Needless to say, we had a fabulous time on Saturday night. And no, to my friends who assumed I was too hung over to blog yesterday (Who can blame ya? I do have a history...), I was not. I was, however, sleeping. Yes, sleeping...'til 2:00 in the afternoon. That's right, ladies...I did not fall asleep before leaving the house. I did not give up and go home early due to motherly exhaustion. I danced 'til all hours and went to sleep at the time I usually get up. And then...oh, thank God for my mother...I slept in...practically all day. Glory.

It was wonderful to feel that way again...just me and him. Date night. Dressed up. Cocktails. A dark, smoky room. Loud music. Just me and him.

I recognized us.

I remembered who we used to be. It was a relief, almost, to feel that way again. It didn't feel odd to be out that late, dancing, drinking, really living it up...just us. It felt, actually, normal. Familiar.

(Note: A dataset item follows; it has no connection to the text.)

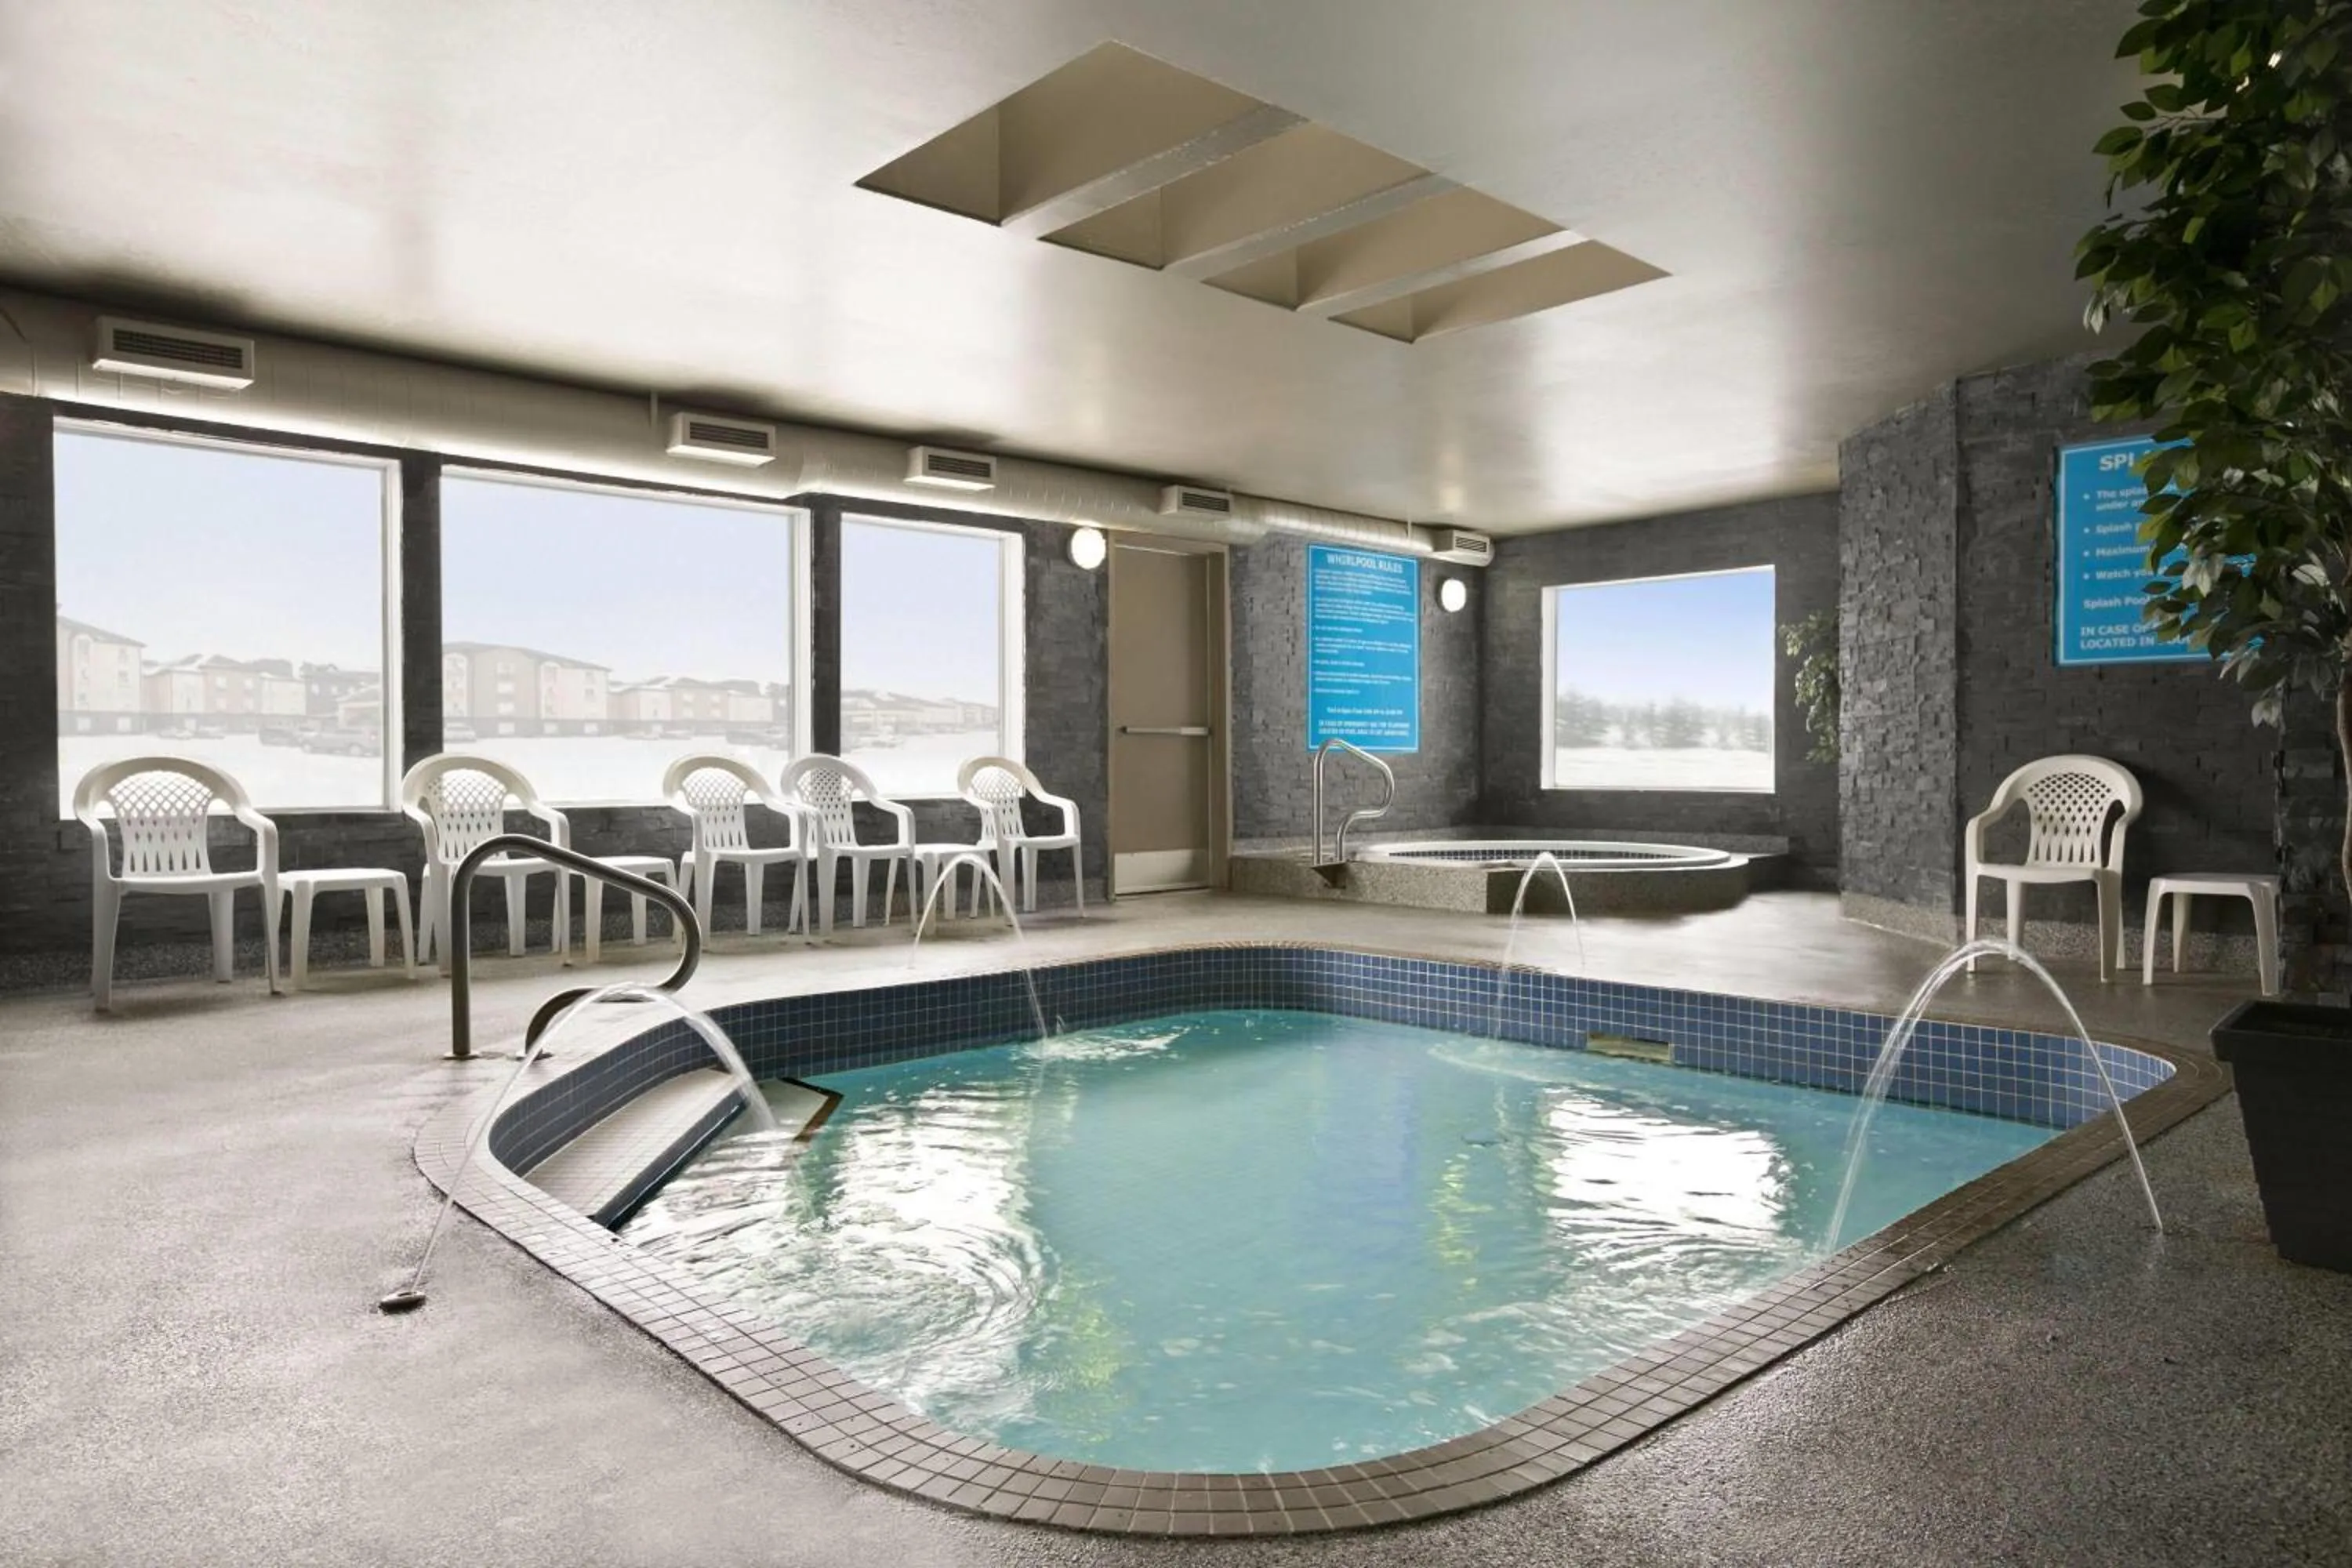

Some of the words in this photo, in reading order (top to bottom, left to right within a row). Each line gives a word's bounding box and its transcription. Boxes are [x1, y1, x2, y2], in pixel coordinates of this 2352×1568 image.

At one point during the night, I scanned the room and really looked at all the people there. Everyone looked so relaxed, so unfettered. I wondered if anyone else in that room had children at home. Because no one looked like a parent to me. And then I wondered: Did I look like a mom? Did we look like parents? Because right then, I didn't feel like a parent. I just felt like me. Just me, all glammed up, dancing and laughing and drinking, and fantasizing for a bit about leaving it all behind...and running away together. Just like the olden' days.